Add cooked meatballs to sauce.

Spoon sauce over Meatballs.

Cover and simmer on low for 12 minutes.

After 12 minutes top with 1 cup shredded mozzerella, turn off heat and cover. Wait 8 minutes for cheese to melt.

Time to eat!

I served it with steamed cauliflower and a small salad topped with a vinegarette!
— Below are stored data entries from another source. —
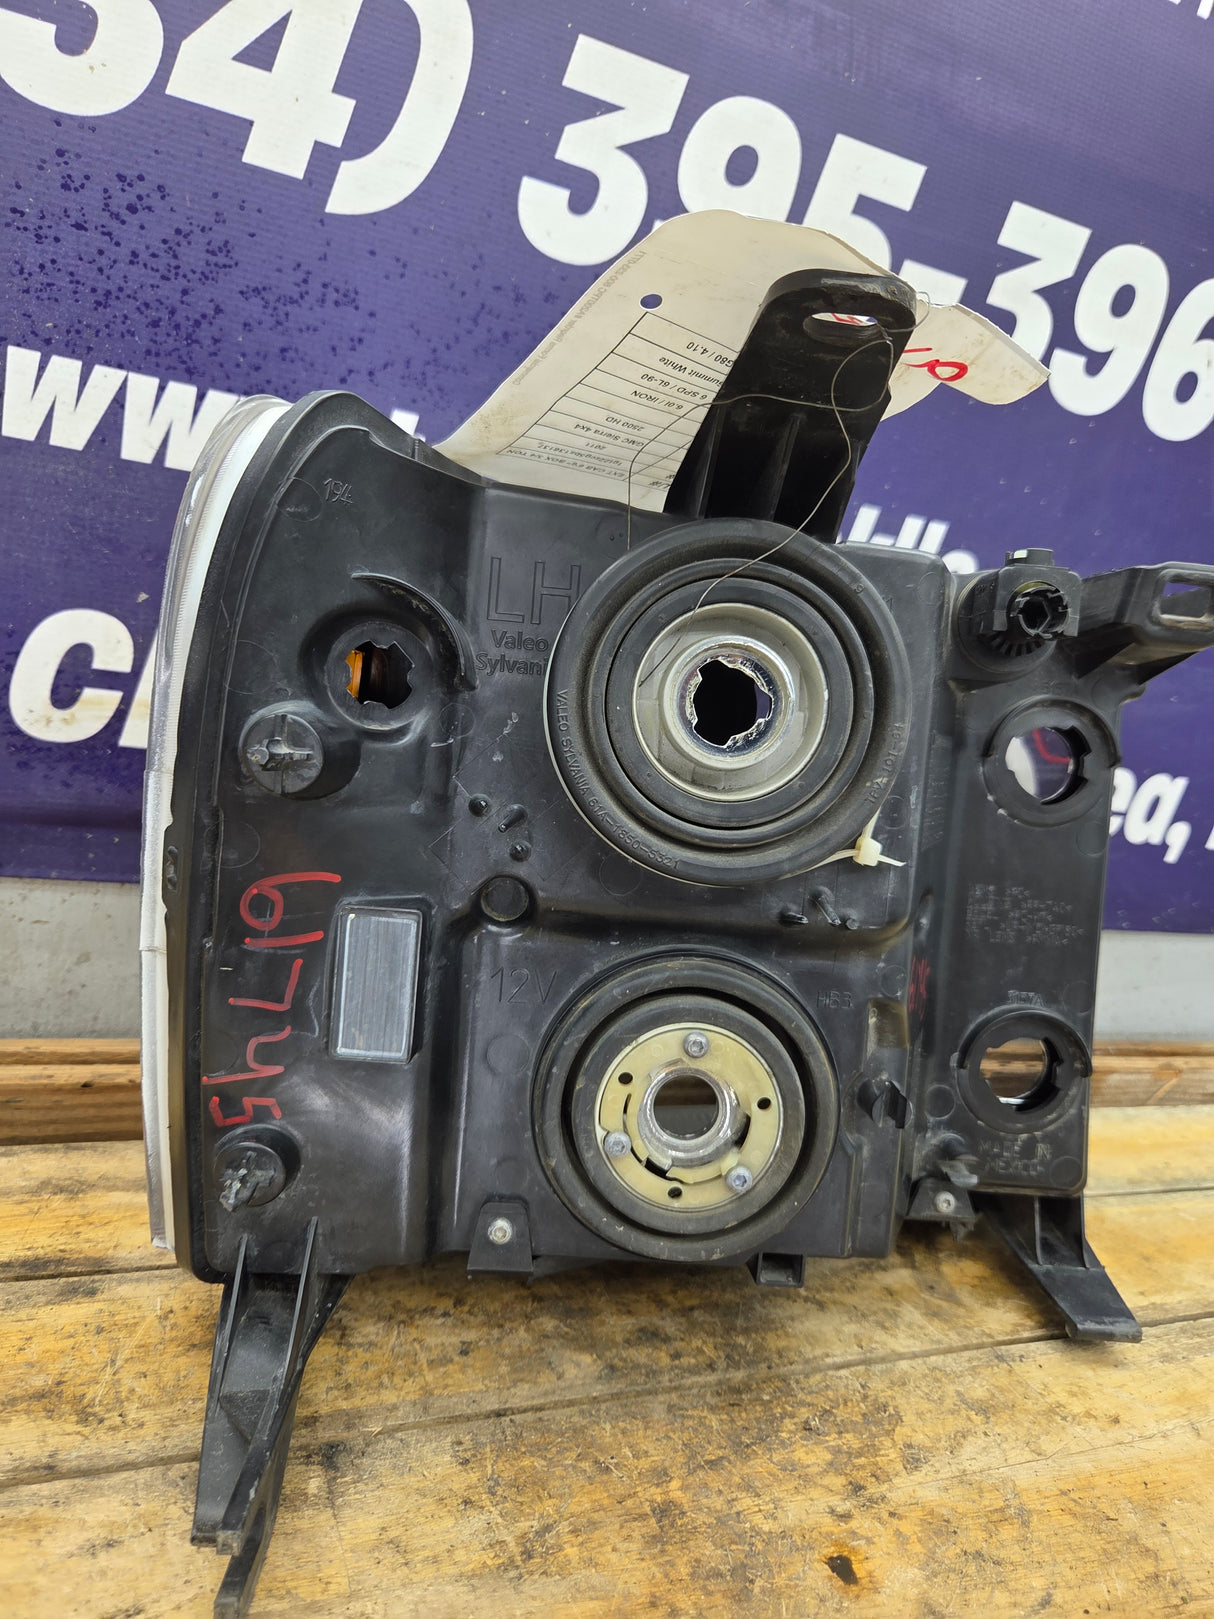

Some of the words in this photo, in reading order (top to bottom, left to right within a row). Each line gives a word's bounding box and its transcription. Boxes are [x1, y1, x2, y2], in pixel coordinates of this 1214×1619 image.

[686, 341, 709, 356] 4.10
[658, 356, 688, 374] White
[640, 373, 671, 388] 6L-90
[630, 390, 660, 403] IRON
[676, 386, 700, 398] SPD
[605, 416, 621, 425] HD
[621, 422, 645, 432] 2500
[574, 423, 593, 433] 4x4
[593, 430, 621, 442] Sierra
[621, 438, 645, 447] GMC
[585, 441, 608, 450] 2011
[487, 557, 581, 625] LH
[491, 630, 549, 652] Valeo
[556, 689, 570, 732] VALEO
[561, 735, 591, 796] SYLVANIA
[490, 965, 558, 1005] 12V
Keto Skillet Italian Meatballs with Sauce

1 lb ground Italian sausage or other ground meat

1 cup blanched almond flour

1 tsp each dried/ground: parsley, oregano, celery seed, marjoram & garlic powder

1/2 cup shredded parmesean.

1/4 cup lightly sauteed chopped onion.

In large bowl break up meat with a spoon. Make a well in the center and add all ingredients. Stir till combined.

Grease a glass 8×8 pan.

Using a cookie scoop (approx 1.5 tbsp) form meat into balls by scooping, then rolling to round them out. I was able to get 20 meatballs!
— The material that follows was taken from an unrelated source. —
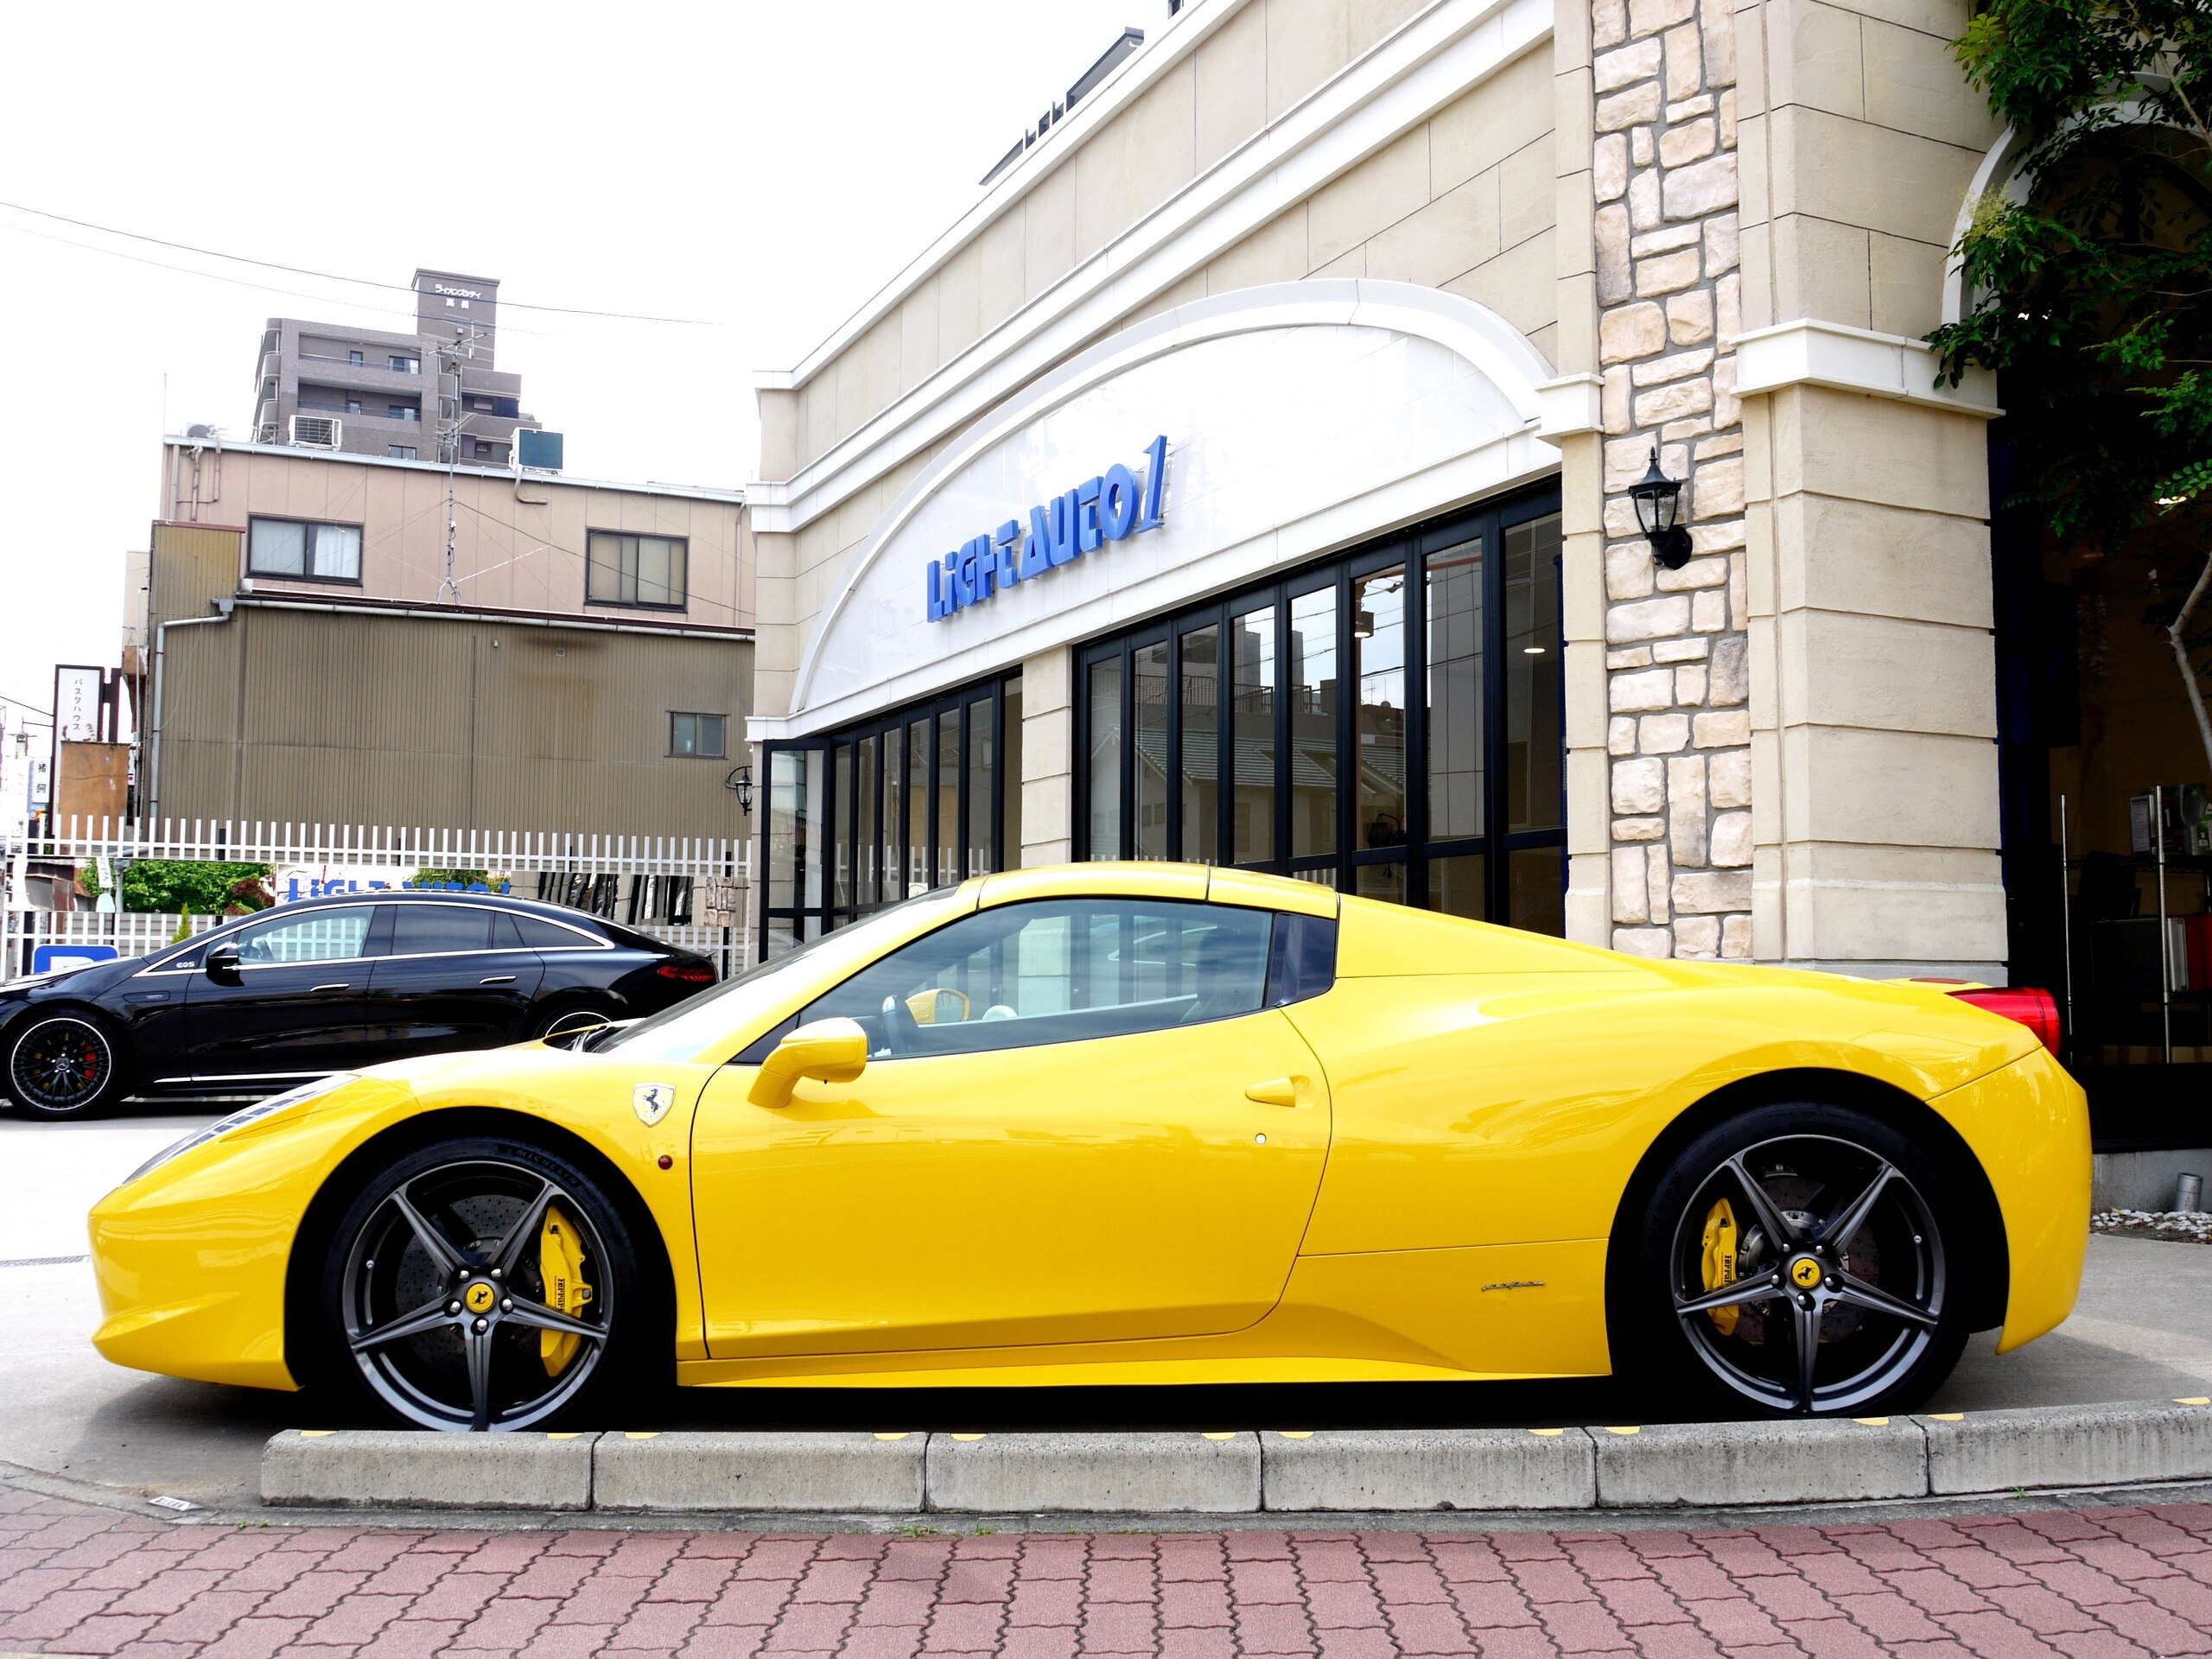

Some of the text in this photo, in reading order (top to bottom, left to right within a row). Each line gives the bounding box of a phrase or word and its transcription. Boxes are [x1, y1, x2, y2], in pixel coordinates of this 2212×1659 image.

[73, 678, 84, 730] パスタハウス
[517, 1148, 579, 1185] MICHELIN
Bake for 18 minutes at 375F.

For sauce:

1/4 cup chopped onion

1 (28oz can) Organic Tomato Puree.

1 tsp each: garlic powder, ground oregano, basil and salt.

1 cup shredded mozzerella

Saute onion till soft. Add tomato puree and herbs. Whisk well. Add cooked meatballs to sauce. Spoon sauce over Meatballs. Cover and simmer on low for 12 minutes.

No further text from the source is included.